Anti_9 is an RL layer applied to LLMs. It employs the concept of "comparison" to endow the model with multidimensional consciousness. General intelligence is fundamentally rooted in comparison: from deep machine learning to our daily decision-making, comparison serves as the most fundamental lever for the emergence of intelligence. Consider why you chose to wear a T-shirt this morning, or why you decided to buy it in the first place. Although many researchers have devoted enormous efforts to AI analogical reasoning, and techniques such as k-clustering and graph classification have long been used in unsupervised learning, we still believe that Anti_9 represents a viable implementation for LLMs.

2. Benchmark

Compared original base leaderboard data from artificialanalysis

We optimized the base model Deepseek-V3.2-thinking by 6.54% with a base score of 85.86%, reaching a final score of 92.6%, which is top 5 among LLMs worldwide.
The test record is on GitHub. You can click here to check.

3. Quick Start

1. General Use

For this part, you can check on github(click)

2. Professional Use

For this part, you can check on github(click)

4. How It Works

1. Parallel Generation of Samples

Instead of directly generating the answer or using reasoning as one-dimensional thinking, we make the LLM generate several compare samples as guide tokens. This allows the LLM to have a degree of association away from the original question. To simulate how humans gain experience and form unique character, we implement memory as token heads during the generation of compare samples. Although more samples will make the generated result more accurate in the final analytic process, we limited it to 40 compare samples and 30 pre-compare samples in this project, considering FLOPs consumption.

2. Pre-memory

We select the top 10 memories here as token guides, using the following formulas:

$Y_{\text{mod}}(t) = A \cdot \ln(t+1) \cdot \frac{a+1}{b+0.5} \cdot e^{-r_{\text{eff}}(t) \cdot t} + C$

$r_{\text{eff}}(x) = \begin{cases} 0.01 + 0.000625x & x < 8 \\ 0.015 & 8 \le x \le 18 \\ 0.015 + 0.0005(x - 18) & x > 18 \end{cases}$

t: Varies from 6h to 24h, representing the basic memory status in the gradient.
a (pick_a): Tracks how many times a memory item has been selected.
b (raised_b): Tracks how many times a memory item has been picked as the final answer.
r_eff(t): A piecewise time-dependent decay rate (learning rate) controlling the forgetting speed.
A, C: Bias terms.

The memory used in this project is not overfitted for the benchmark; it is trained on these datasets for general use:

Dataset Name	Purpose
TurtleBench-extended-en	Hidden long-details reasoning
hendrycks_competition_math_N_A	Learn scientific reasoning format

We limit the memory rows to 75 to manage FLOPs consumption. You can use the full memory file: memery_st_ori.db.

3. Final Result

We embed the user input and each sample, calculate the Euclidean distance between the two vectors as the closeness score, and compute the mean Euclidean distance of all samples. We then find the closest answer group to the mean Euclidean distance line.

Euclidean Distance:

$d(\mathbf{x}, \mathbf{y}) = \sqrt{\sum_{i=1}^{n} (x_i - y_i)^2}$

Schematic diagram

Real data diagram

Our models are trained using supervised learning to find the closest answer to the next token, so they are more like group B in the graph. However, when we use compare samples to raise the answer dimension, we observe something interesting: different answers appear, and a group of answers clusters around the mean closeness distance line. Many times, we feel that AI is not smart enough and doesn't give us the answer we want because the answers only focus on the surface meaning of the requirement. This is not wrong, because our engineers train them to find the shortest distance to the correct token. However, human-like intelligence is not that simple. We use association in our daily decisions — a combination of common sense, experience, and logic that is not explicitly spoken but exists in our minds.
We are not guessing the answers. Even if the LLM makes a mistake once or twice, with the mean Euclidean distance, we always find the correct answer group from the parallel sample universe.
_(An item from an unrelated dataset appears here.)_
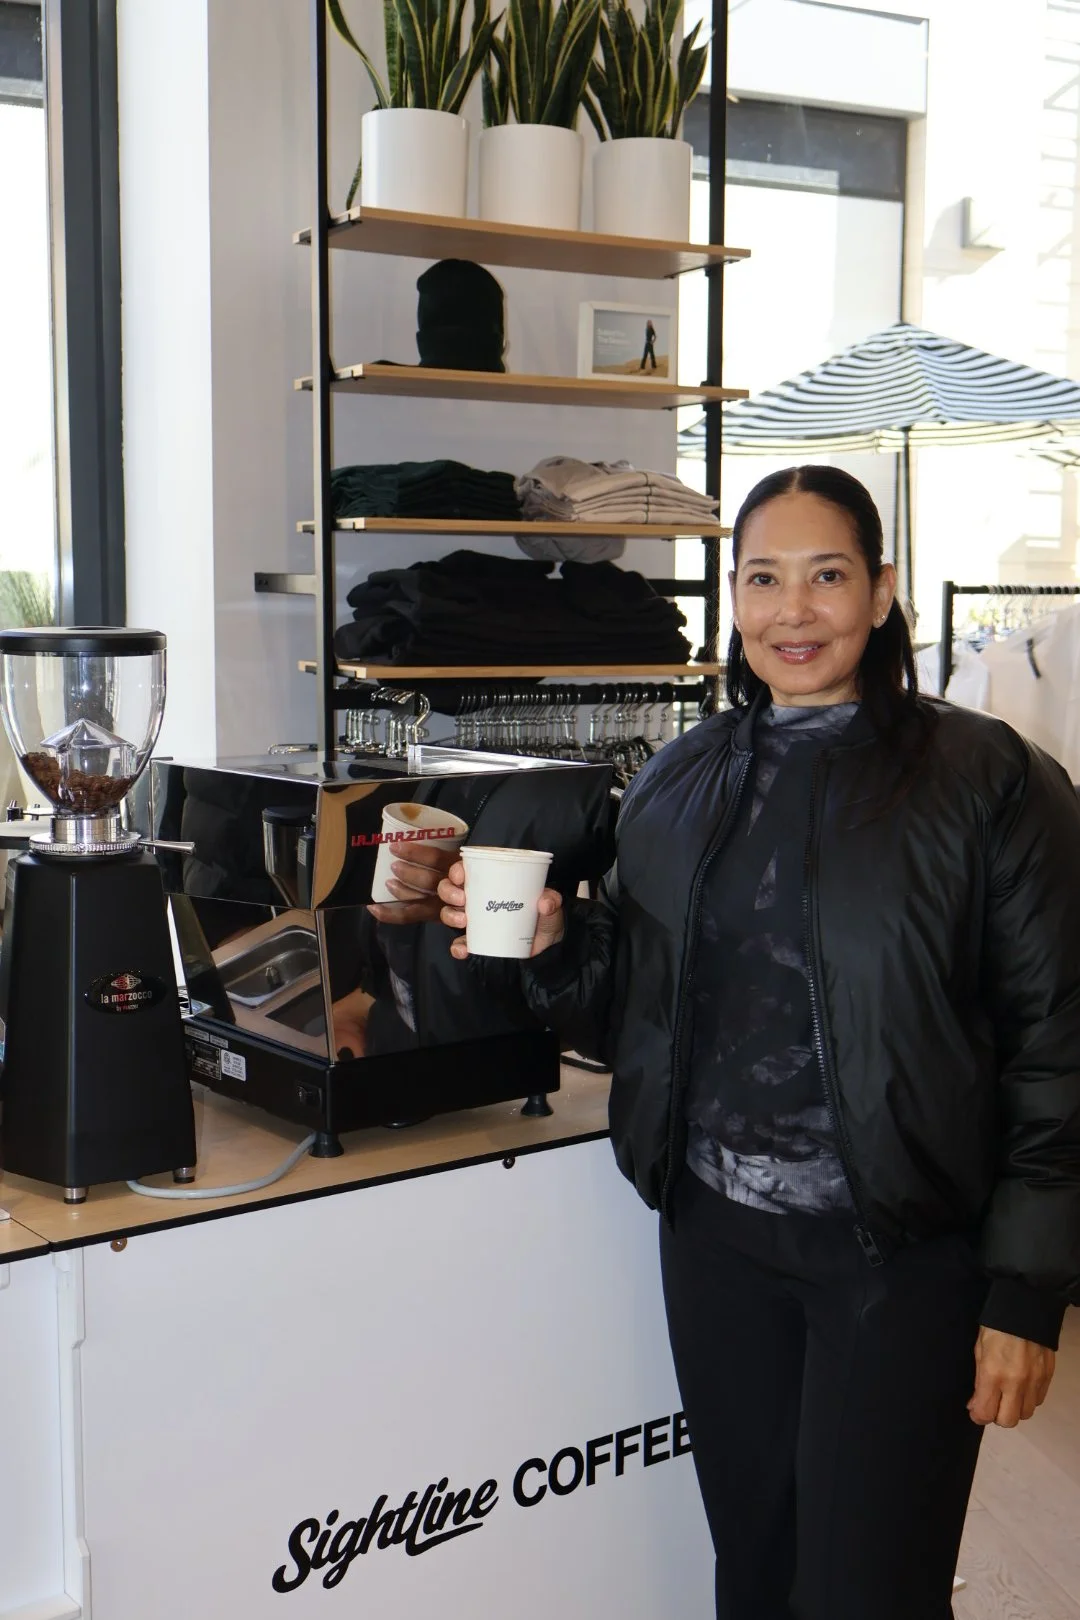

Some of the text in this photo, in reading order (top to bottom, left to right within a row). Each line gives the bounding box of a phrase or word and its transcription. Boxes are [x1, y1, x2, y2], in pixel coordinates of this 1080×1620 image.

As seen in the graph below, when the mean_line_ratio changes, the selected answer varies, but the correct answer group always leads.
And comapre samples are different from DFS, they are parallel to each other, as parallel space.

cd tools

You can use this tool to see the option variation:

python varie_compare_4_options.py

Options vary with the mean line ratio for LLM previously wrong-answered samples

Therefore, we find that difficult questions like those in the GPQA benchmark, scientific problems, and the TurtleBench dataset all share something in common: they contain hidden facts not explicitly stated in the question itself, requiring judgment and discovery. For such questions, the correct answer may not be the closest to the question or may be far from the original question. The correct answer requires some association and lies around the mean closeness score.
You can use the tools below to find the best mean_line_ratio for individual tests and general use:

python best_mean_ratio_randomoption.py

python best_ratio_alldatabase.py

Best mean line ratio for a single test

Best mean line ratio for general use

Obviously, the mean closeness score differs across models and also varies between normal questions and scientific questions. The parameters we use in this project for the GPQA benchmark are in config_adjust.json.
Here, mean_line_ratio shifts the mean closeness score up or down to fit different models' answer groups. This parameter should be adjusted based on the behavior of different models and the difficulty of the problems; it is only stable statistically. The temperature is for answer generation with DeepSeek-V3.2-thinking, and temperature_compare is for sample generation with Ernie 4.5. This combination of model APIs considers the ability for different tasks and token pricing.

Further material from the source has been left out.